Horizontal address pulses are sequentially applied from the horizontal address circuit 13 to the horizontal selection transistors 12-1, 12-2, . . . to sequentially output signals corresponding to lines (rows) from the signal output terminal 15. When the signal corresponding to one line is completely read out, a high-level reset pulse is applied to the reset line 7-1 to turn on the reset transistor 4 in this line so as to reset the signal charge.
By sequentially performing this operation for the subsequent lines, all the signals in the two-dimensional matrix can be read out. In this case, a voltage corresponding to almost the same change in the potential of the photodiode 1 appears on the vertical signal line 8. If the capacitances of the photodiode 1 and the vertical signal line 8 are respectively represented by Cs and Cv, the signal charge is amplified Cv/Cs times. In general, Cv is much larger than Cs.

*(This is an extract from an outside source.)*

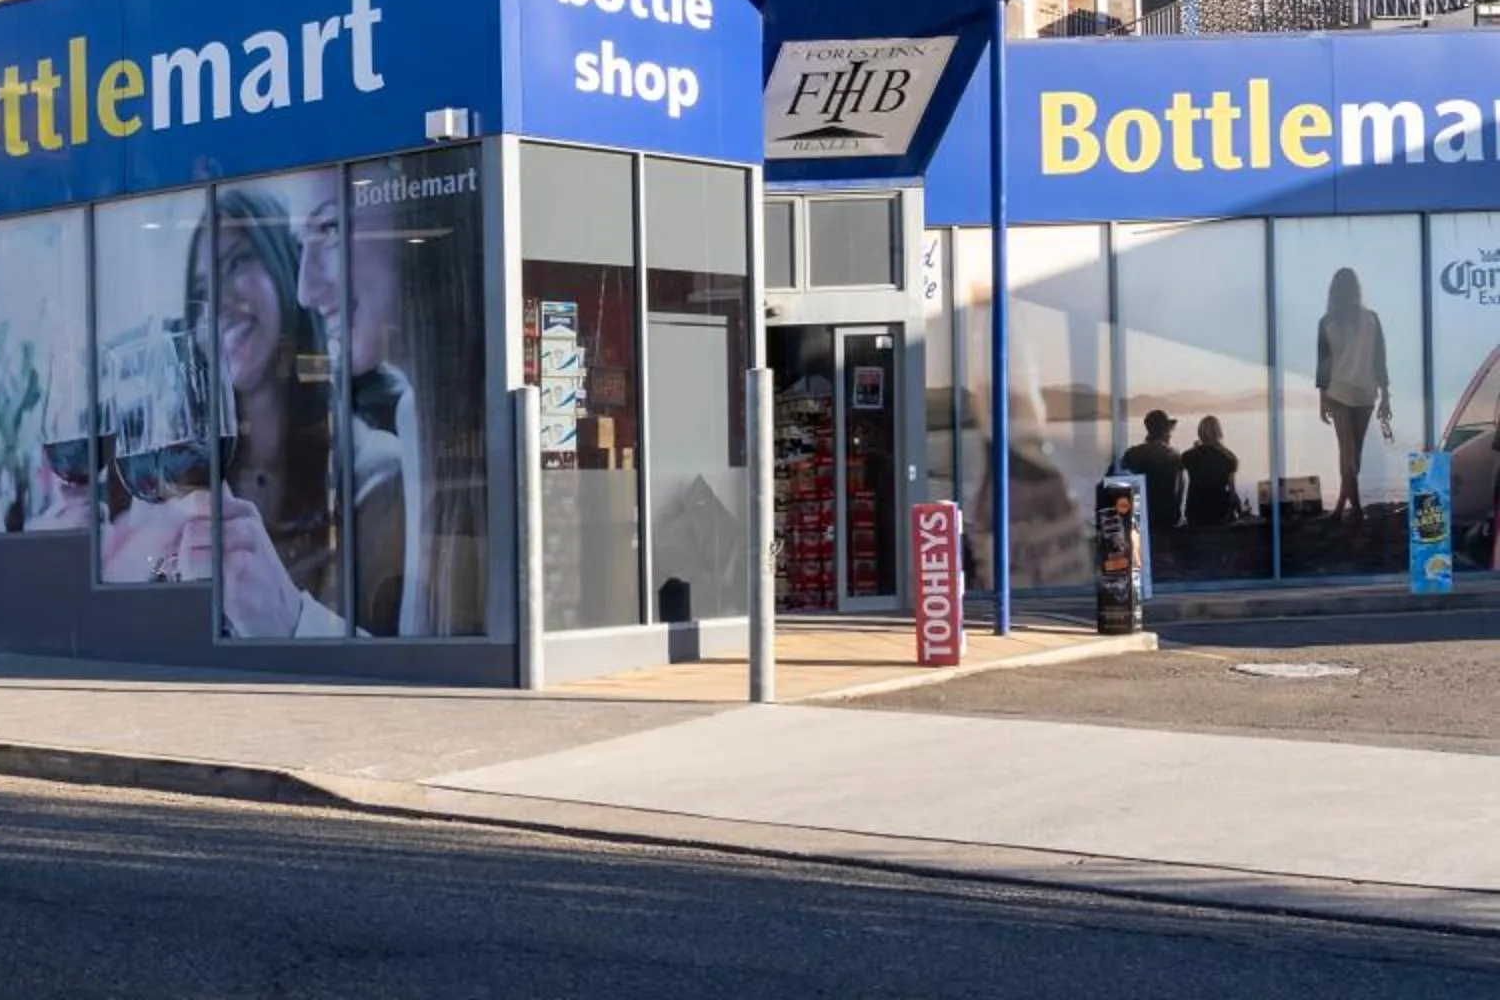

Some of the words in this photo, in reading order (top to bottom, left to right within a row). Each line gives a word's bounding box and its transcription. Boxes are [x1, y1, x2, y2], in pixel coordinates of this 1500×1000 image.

In a solid-state imaging apparatus using an amplification-type MOS sensor of this type, the following problem is posed. As shown in FIG. 1, each unit cell requires at least three transistors, i.e., the amplification transistor 2, the vertical selection transistor 3, and the reset transistor 4. As described above, since the number of transistors constituting each cell is large, this arrangement is not suited for the miniaturization of cells. Although each cell of an MOS-type sensor other than the amplification type is constituted only by a photodiode and a transistor, the sensitivity of the MOS type sensor other than the amplification type is lower than that of the amplification type.
It is an object of the present invention to provide an MOS-type solid-state imaging apparatus which allows a reduction in size.